You are viewing a plain text version of this content. The canonical link for it is here.
Posted to issues@lucene.apache.org by "Endika Posadas (Jira)" <ji...@apache.org> on 2020/05/04 09:55:00 UTC

[jira] [Created] (SOLR-14458) Solr Replica locked in recovering state after a Zookeeper disconnection

Endika Posadas created SOLR-14458:
-------------------------------------

             Summary: Solr Replica locked in recovering state after a Zookeeper disconnection
                 Key: SOLR-14458
                 URL: https://issues.apache.org/jira/browse/SOLR-14458
             Project: Solr
          Issue Type: Bug
      Security Level: Public (Default Security Level.
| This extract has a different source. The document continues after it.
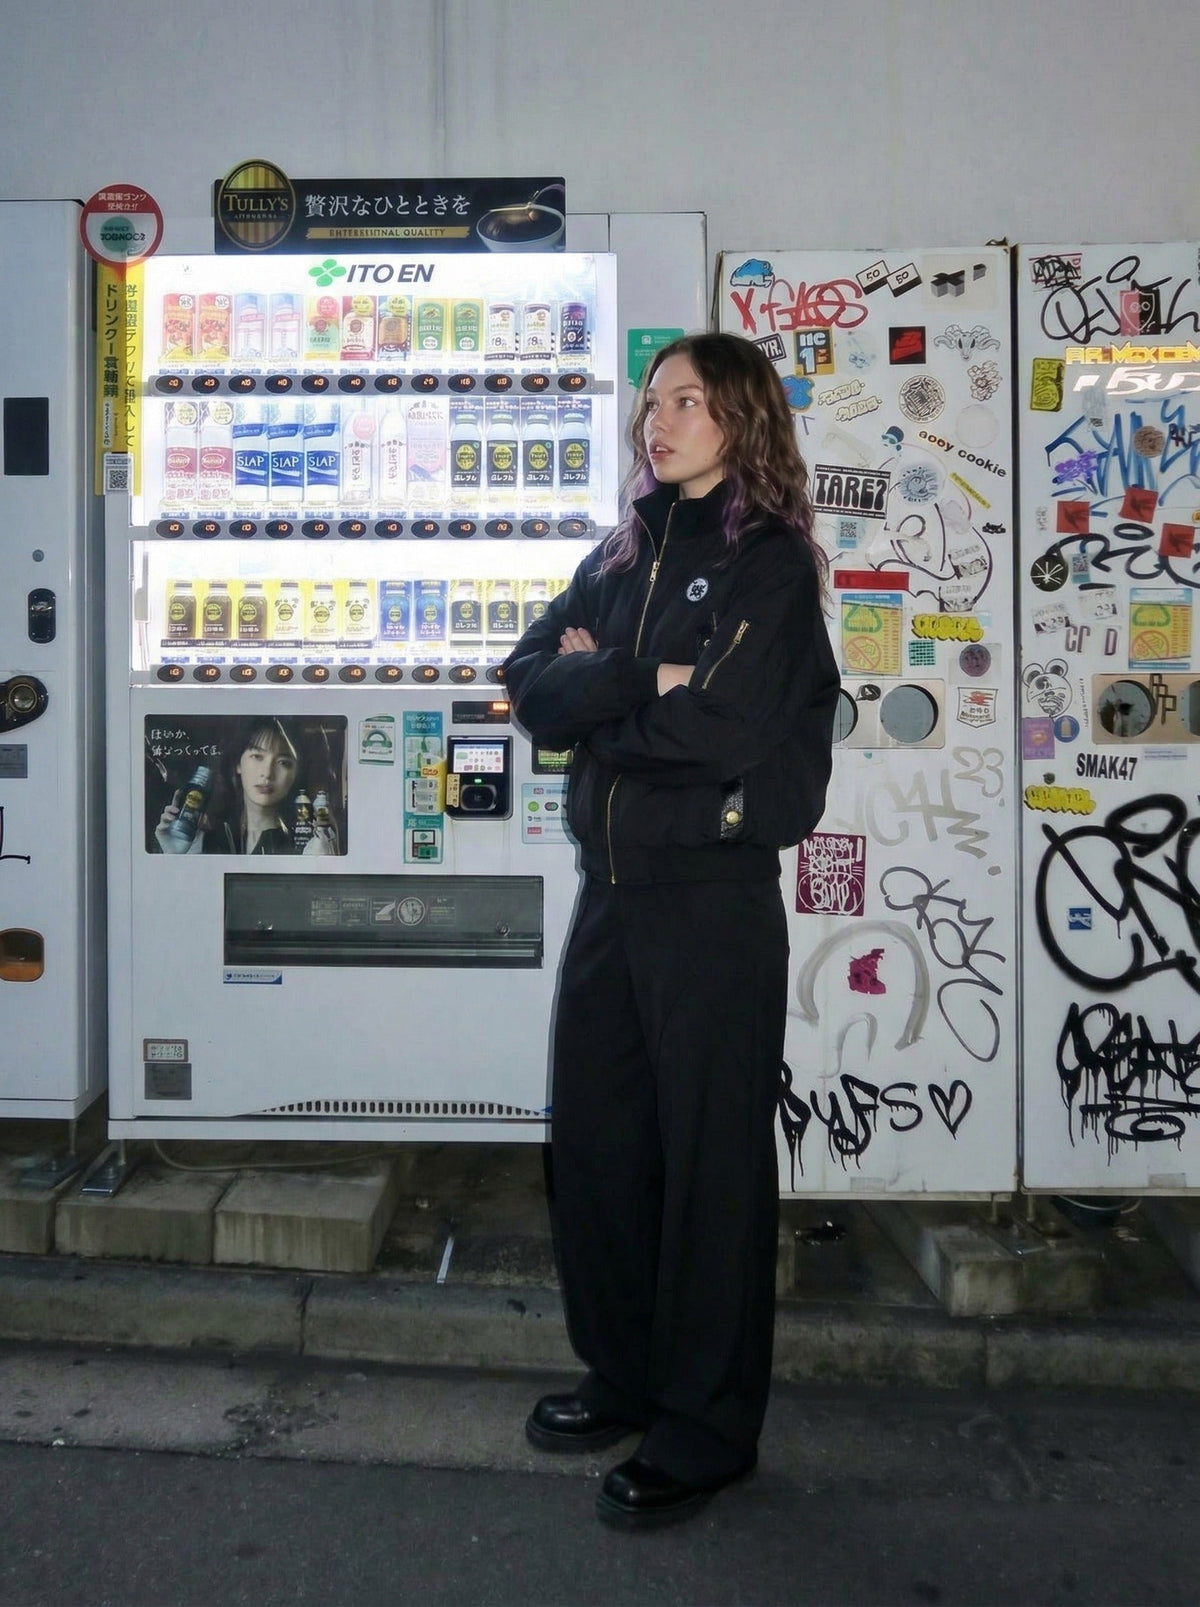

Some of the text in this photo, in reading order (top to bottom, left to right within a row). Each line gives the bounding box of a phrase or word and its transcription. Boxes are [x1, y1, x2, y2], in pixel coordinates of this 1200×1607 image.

Issues are Public)
          Components: SolrCloud
    Affects Versions: 8.4.1
         Environment: A Solr cluster with 2 replicas that each has 2 shards split across 2 Windows VMS.
They use a 3 replica zookeeper across 3 vms.
            Reporter: Endika Posadas
         Attachments: replica7.log, solr-thread-dump.log, solr.log

In a solr cluster, a Solr instance containing two shards has lost connection with zookeeper. Upon reconnecting, it has checked the status with the leader and start a recovery. However, it's stuck in recovering status without making further progress (has been like that for days now).

 

Upon checking a thread dump, `recoveryExecutor-7-thread-3-processing-n` is  trying to acquire the lock to createa new Index Writer: `at org.apache.solr.update.DefaultSolrCoreState.lock(DefaultSolrCoreState.java:179)` (

after lock(iwLock.writeLock()){color:#cc7832};{color}). However, the ReentrantLock it's waiting for is never released. Moreover, no thread can be found holding the lock, leaving restarting Solr as the only solution.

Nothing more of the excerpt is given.